-- Task details --
Transcribe the data exactly, pictures excluded.

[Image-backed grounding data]
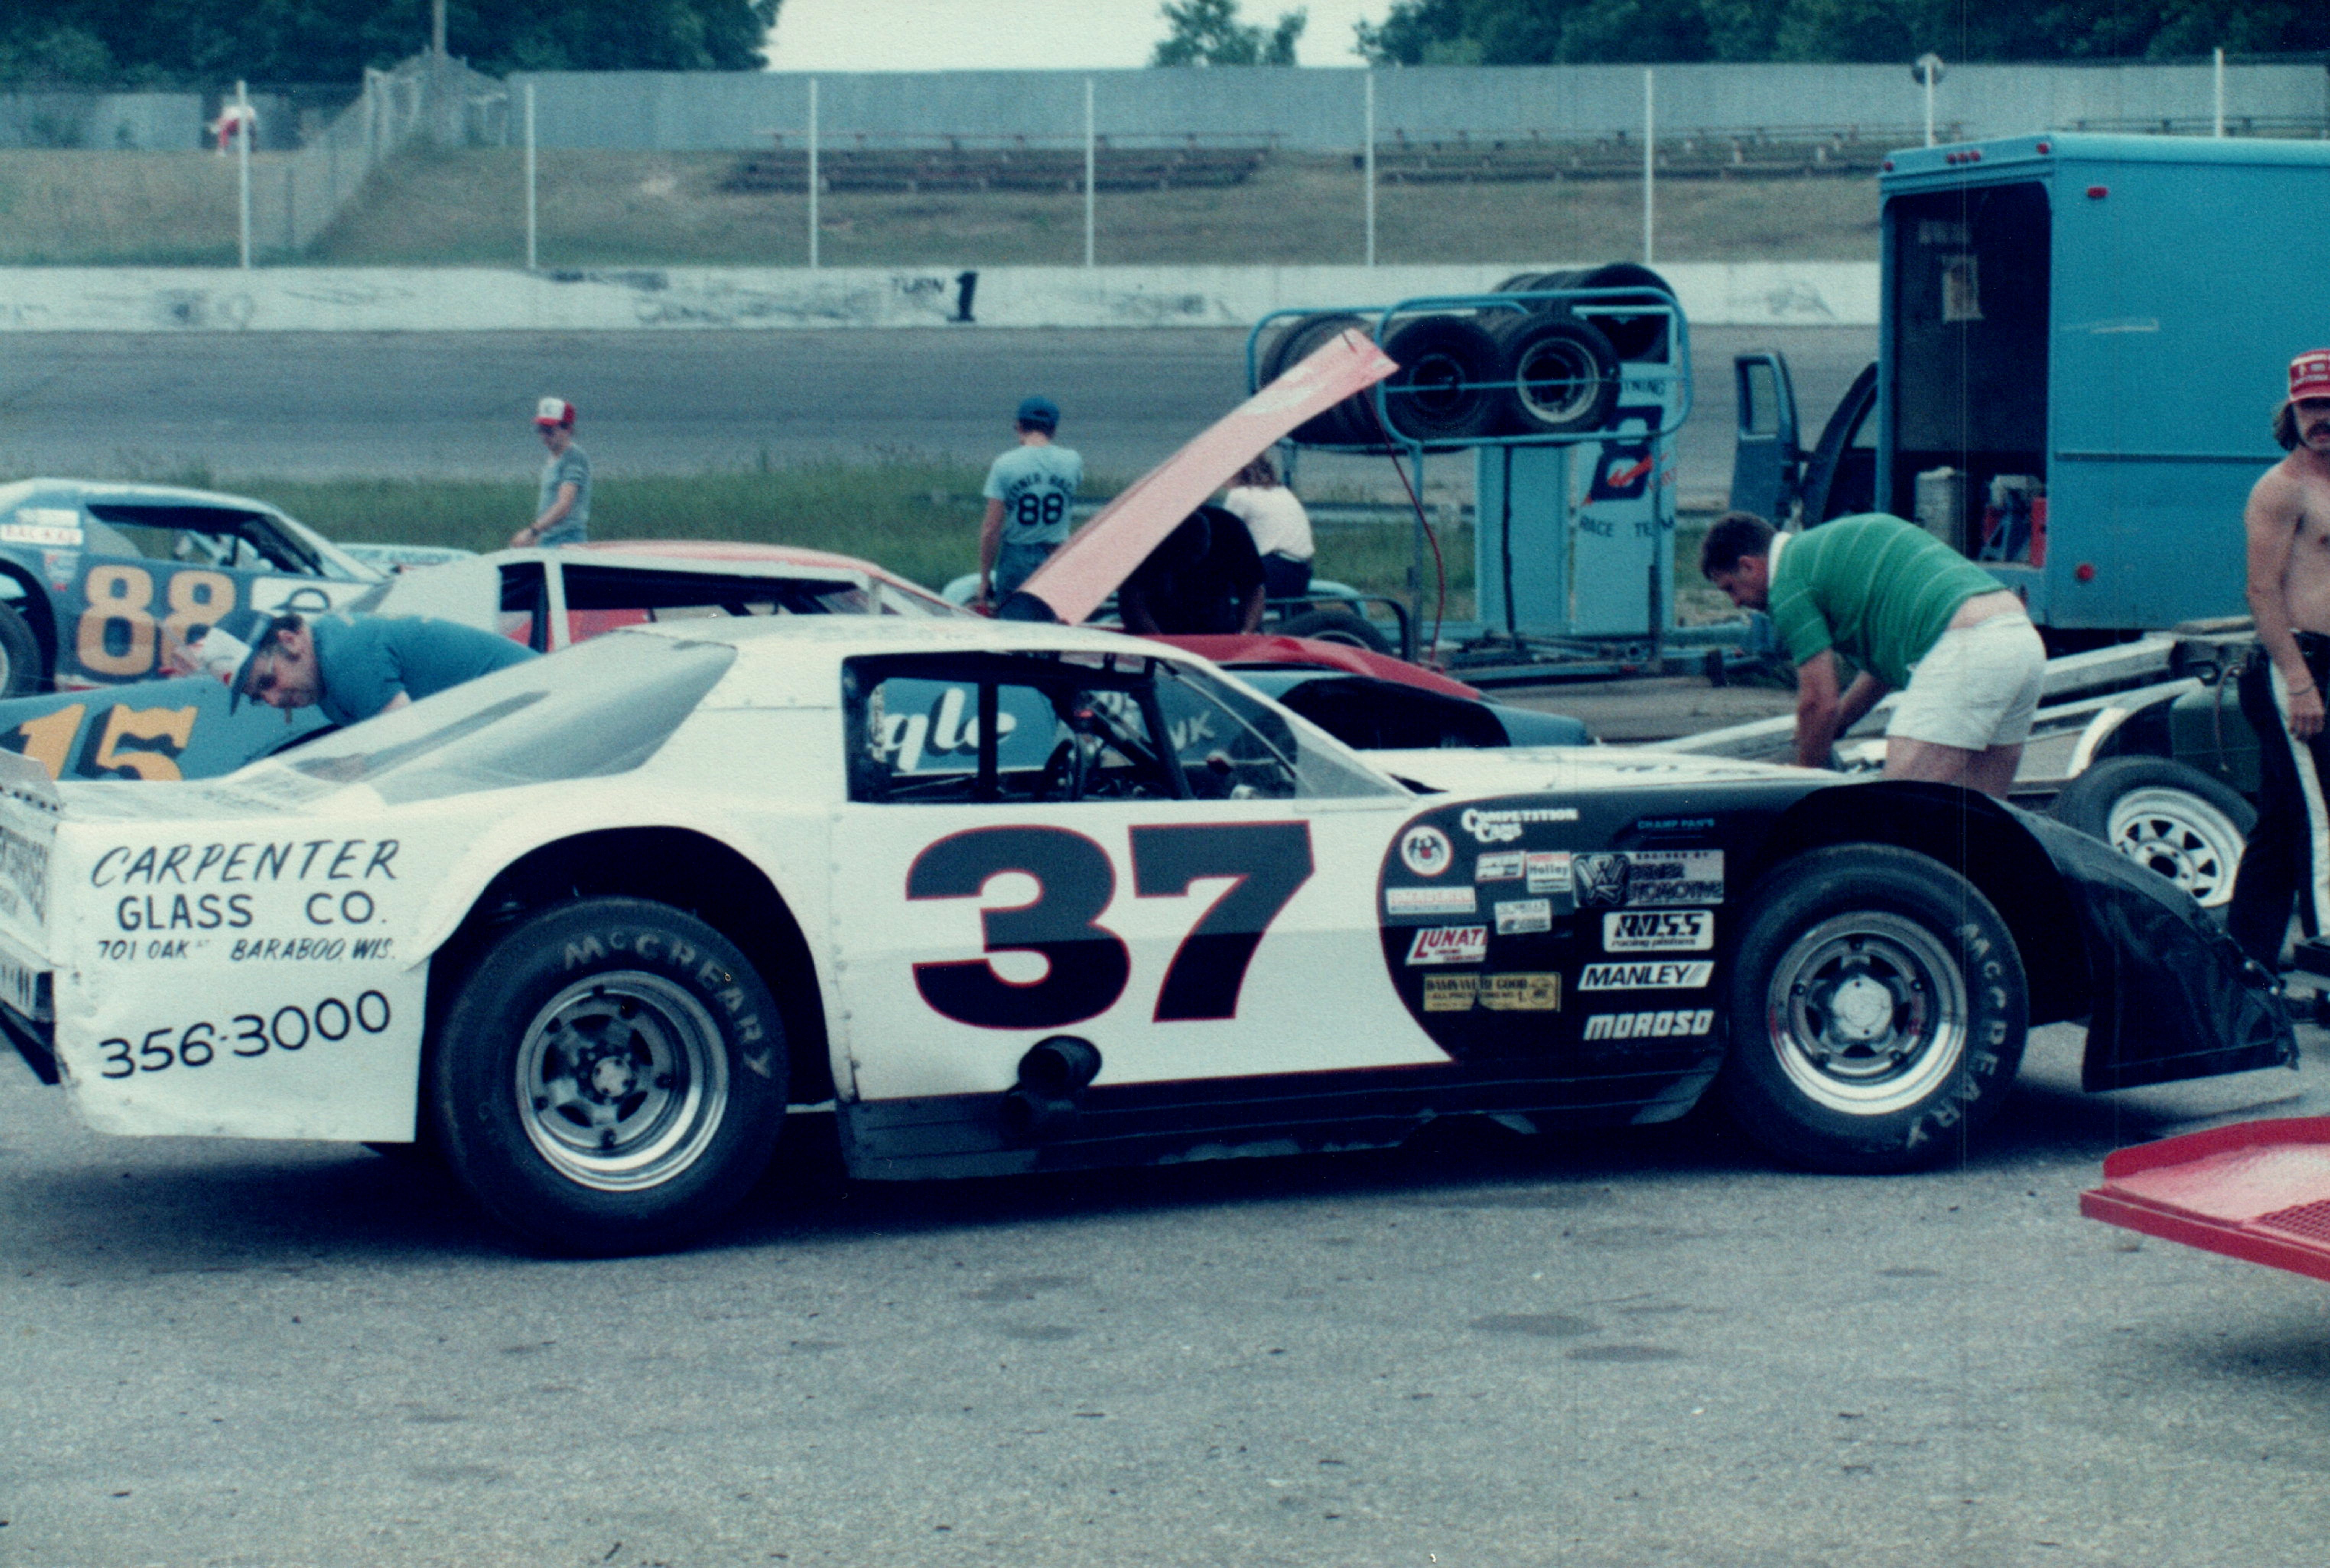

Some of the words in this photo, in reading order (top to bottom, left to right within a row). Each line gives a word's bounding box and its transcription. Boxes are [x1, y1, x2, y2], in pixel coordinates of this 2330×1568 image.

[947, 271, 979, 322] 1
[1017, 492, 1064, 526] 88
[1635, 516, 1674, 537] TEM
[77, 564, 236, 676] 88
[18, 703, 198, 781] 15
[91, 839, 400, 888] CARPENTER
[1530, 863, 1568, 877] Holley
[117, 894, 253, 931] GLASS
[306, 891, 387, 925] CO.
[905, 819, 1315, 1030] 37
[1613, 913, 1704, 937] ROSS
[97, 940, 136, 960] 701
[147, 939, 190, 960] OAK
[351, 937, 397, 960] WIS.
[1611, 939, 1650, 948] racing
[1584, 964, 1691, 987] MANLEY
[98, 990, 391, 1079] 356-3000
[1583, 1010, 1714, 1041] MOROSO
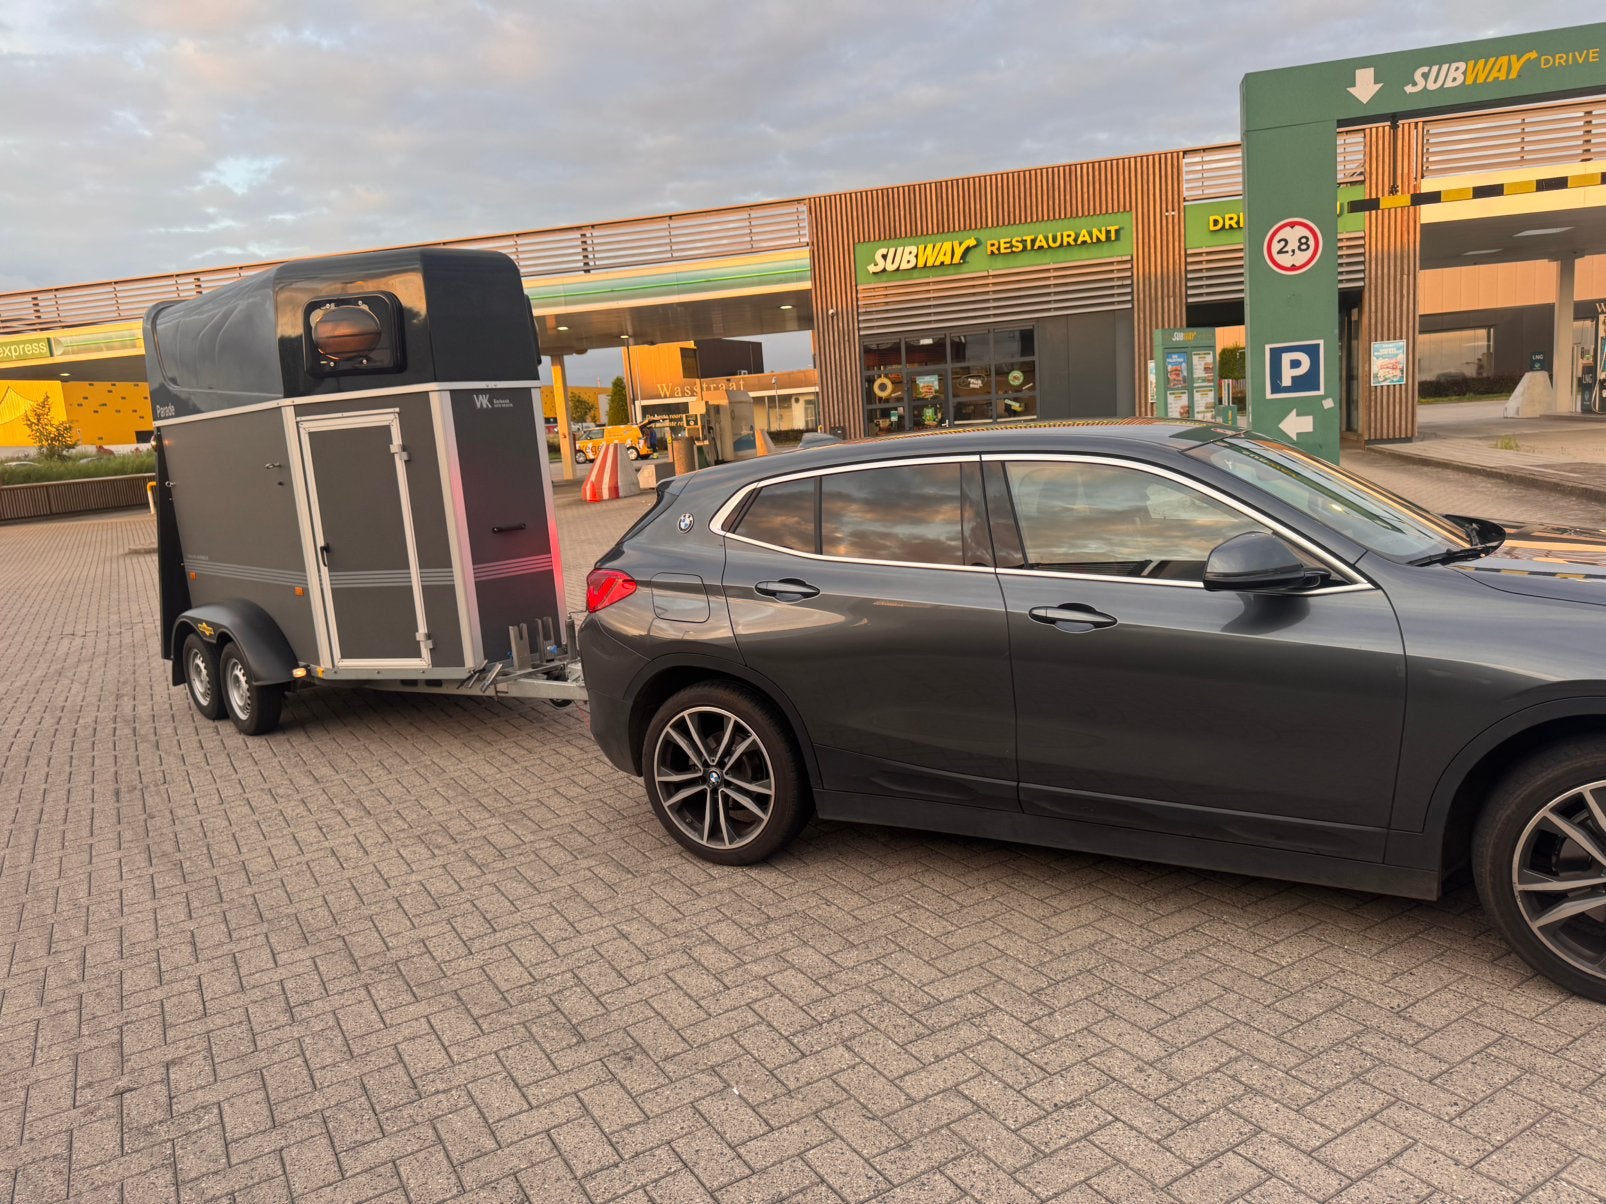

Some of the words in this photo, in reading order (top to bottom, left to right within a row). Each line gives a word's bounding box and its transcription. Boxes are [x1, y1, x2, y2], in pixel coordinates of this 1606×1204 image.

[1403, 50, 1538, 94] SUBWAY
[1540, 48, 1600, 69] DRIVE
[867, 236, 977, 274] SUBWAY
[987, 225, 1120, 255] RESTAURANT
[1276, 235, 1311, 256] 2,8
[1281, 351, 1311, 387] P
[657, 378, 745, 398] Wasstraat
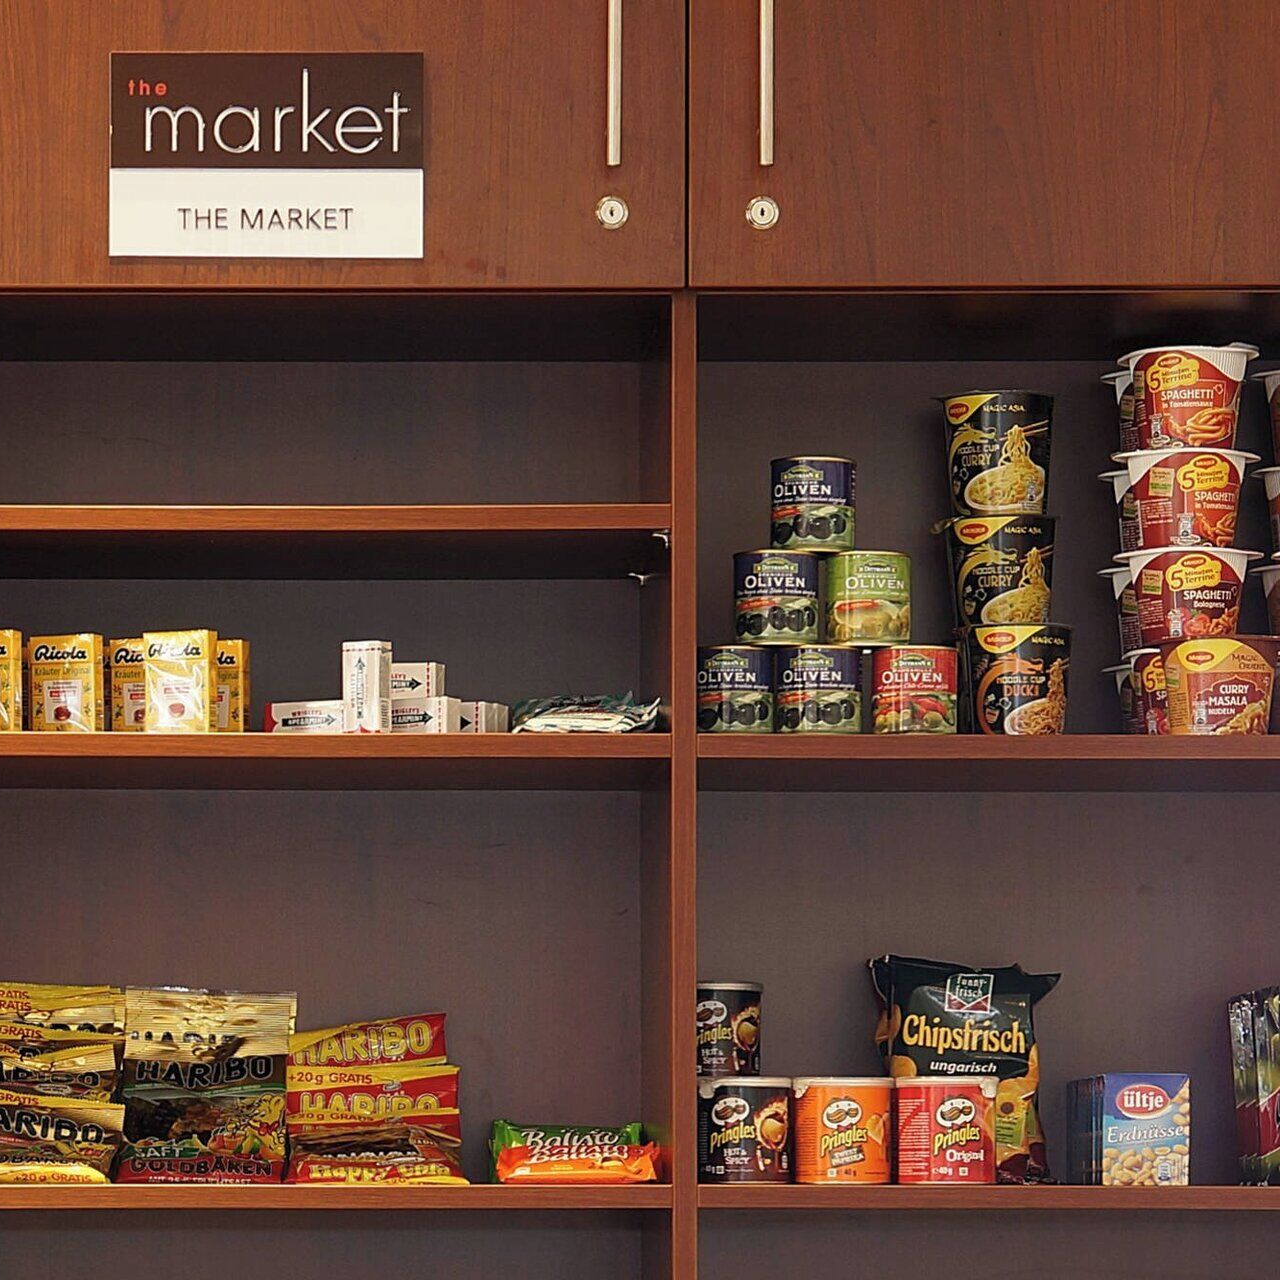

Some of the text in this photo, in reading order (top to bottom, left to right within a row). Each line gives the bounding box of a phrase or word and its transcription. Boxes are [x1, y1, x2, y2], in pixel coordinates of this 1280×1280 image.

-- Problem solution --
Some of the words in this photo, in reading order (top to bottom, left to right within a row). Each line gives a word's bounding box and its transcription. Boxes are [x1, y1, x2, y2], in pixel coordinates of this 2330×1568 image.

[947, 271, 979, 322] 1
[1017, 492, 1064, 526] 88
[1635, 516, 1674, 537] TEM
[77, 564, 236, 676] 88
[18, 703, 198, 781] 15
[91, 839, 400, 888] CARPENTER
[1530, 863, 1568, 877] Holley
[117, 894, 253, 931] GLASS
[306, 891, 387, 925] CO.
[905, 819, 1315, 1030] 37
[1613, 913, 1704, 937] ROSS
[97, 940, 136, 960] 701
[147, 939, 190, 960] OAK
[351, 937, 397, 960] WIS.
[1611, 939, 1650, 948] racing
[1584, 964, 1691, 987] MANLEY
[98, 990, 391, 1079] 356-3000
[1583, 1010, 1714, 1041] MOROSO

Some of the words in this photo, in reading order (top to bottom, left to right within a row). Each line gives a word's bounding box and its transcription. Boxes are [x1, y1, x2, y2], in pixel coordinates of this 1606×1204 image.

[1403, 50, 1538, 94] SUBWAY
[1540, 48, 1600, 69] DRIVE
[867, 236, 977, 274] SUBWAY
[987, 225, 1120, 255] RESTAURANT
[1276, 235, 1311, 256] 2,8
[1281, 351, 1311, 387] P
[657, 378, 745, 398] Wasstraat

Some of the text in this photo, in reading order (top to bottom, left to right within a row). Each line gives the bounding box of a phrase or word and its transcription. Boxes are [x1, y1, x2, y2], in pixel coordinates of this 1280×1280 image.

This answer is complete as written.